Stored items
*** Block opens ***

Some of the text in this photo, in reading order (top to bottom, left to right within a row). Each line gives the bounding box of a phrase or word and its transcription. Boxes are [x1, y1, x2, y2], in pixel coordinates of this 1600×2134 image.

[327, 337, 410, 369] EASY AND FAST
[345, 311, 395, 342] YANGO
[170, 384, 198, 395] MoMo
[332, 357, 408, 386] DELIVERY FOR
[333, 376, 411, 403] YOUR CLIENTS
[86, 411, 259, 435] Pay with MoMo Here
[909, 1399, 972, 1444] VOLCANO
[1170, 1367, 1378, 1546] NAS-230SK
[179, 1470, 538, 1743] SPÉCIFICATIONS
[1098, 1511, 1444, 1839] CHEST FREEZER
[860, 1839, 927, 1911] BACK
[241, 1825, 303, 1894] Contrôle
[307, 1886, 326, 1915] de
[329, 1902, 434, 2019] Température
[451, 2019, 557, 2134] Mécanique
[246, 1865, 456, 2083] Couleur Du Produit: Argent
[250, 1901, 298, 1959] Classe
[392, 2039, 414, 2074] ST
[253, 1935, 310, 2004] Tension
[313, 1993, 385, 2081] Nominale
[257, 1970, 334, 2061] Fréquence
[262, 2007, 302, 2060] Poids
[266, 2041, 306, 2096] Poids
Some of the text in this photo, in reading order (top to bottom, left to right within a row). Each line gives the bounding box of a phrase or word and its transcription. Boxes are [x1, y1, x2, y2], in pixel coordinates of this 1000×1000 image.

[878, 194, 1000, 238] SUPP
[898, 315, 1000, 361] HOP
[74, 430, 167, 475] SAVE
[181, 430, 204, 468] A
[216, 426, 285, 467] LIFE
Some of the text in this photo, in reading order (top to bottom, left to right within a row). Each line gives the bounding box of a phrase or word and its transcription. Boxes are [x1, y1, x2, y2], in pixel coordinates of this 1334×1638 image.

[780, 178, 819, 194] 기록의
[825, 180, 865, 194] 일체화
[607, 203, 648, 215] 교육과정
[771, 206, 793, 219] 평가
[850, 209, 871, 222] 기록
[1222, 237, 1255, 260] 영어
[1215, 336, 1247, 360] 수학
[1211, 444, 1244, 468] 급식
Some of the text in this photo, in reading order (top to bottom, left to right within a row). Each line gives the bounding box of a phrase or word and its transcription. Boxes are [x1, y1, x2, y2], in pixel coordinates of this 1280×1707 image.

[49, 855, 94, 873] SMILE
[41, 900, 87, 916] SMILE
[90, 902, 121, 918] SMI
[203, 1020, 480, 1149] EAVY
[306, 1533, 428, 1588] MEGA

*** Block closes ***

• [Exercise directions] Every line above should be written out again, unchanged.

• [Solution to the problem]
Some of the text in this photo, in reading order (top to bottom, left to right within a row). Each line gives the bounding box of a phrase or word and its transcription. Boxes are [x1, y1, x2, y2], in pixel coordinates of this 1600×2134 image.

[327, 337, 410, 369] EASY AND FAST
[345, 311, 395, 342] YANGO
[170, 384, 198, 395] MoMo
[332, 357, 408, 386] DELIVERY FOR
[333, 376, 411, 403] YOUR CLIENTS
[86, 411, 259, 435] Pay with MoMo Here
[909, 1399, 972, 1444] VOLCANO
[1170, 1367, 1378, 1546] NAS-230SK
[179, 1470, 538, 1743] SPÉCIFICATIONS
[1098, 1511, 1444, 1839] CHEST FREEZER
[860, 1839, 927, 1911] BACK
[241, 1825, 303, 1894] Contrôle
[307, 1886, 326, 1915] de
[329, 1902, 434, 2019] Température
[451, 2019, 557, 2134] Mécanique
[246, 1865, 456, 2083] Couleur Du Produit: Argent
[250, 1901, 298, 1959] Classe
[392, 2039, 414, 2074] ST
[253, 1935, 310, 2004] Tension
[313, 1993, 385, 2081] Nominale
[257, 1970, 334, 2061] Fréquence
[262, 2007, 302, 2060] Poids
[266, 2041, 306, 2096] Poids
Some of the text in this photo, in reading order (top to bottom, left to right within a row). Each line gives the bounding box of a phrase or word and its transcription. Boxes are [x1, y1, x2, y2], in pixel coordinates of this 1000×1000 image.

[878, 194, 1000, 238] SUPP
[898, 315, 1000, 361] HOP
[74, 430, 167, 475] SAVE
[181, 430, 204, 468] A
[216, 426, 285, 467] LIFE
Some of the text in this photo, in reading order (top to bottom, left to right within a row). Each line gives the bounding box of a phrase or word and its transcription. Boxes are [x1, y1, x2, y2], in pixel coordinates of this 1334×1638 image.

[780, 178, 819, 194] 기록의
[825, 180, 865, 194] 일체화
[607, 203, 648, 215] 교육과정
[771, 206, 793, 219] 평가
[850, 209, 871, 222] 기록
[1222, 237, 1255, 260] 영어
[1215, 336, 1247, 360] 수학
[1211, 444, 1244, 468] 급식
Some of the text in this photo, in reading order (top to bottom, left to right within a row). Each line gives the bounding box of a phrase or word and its transcription. Boxes are [x1, y1, x2, y2], in pixel coordinates of this 1280×1707 image.

[49, 855, 94, 873] SMILE
[41, 900, 87, 916] SMILE
[90, 902, 121, 918] SMI
[203, 1020, 480, 1149] EAVY
[306, 1533, 428, 1588] MEGA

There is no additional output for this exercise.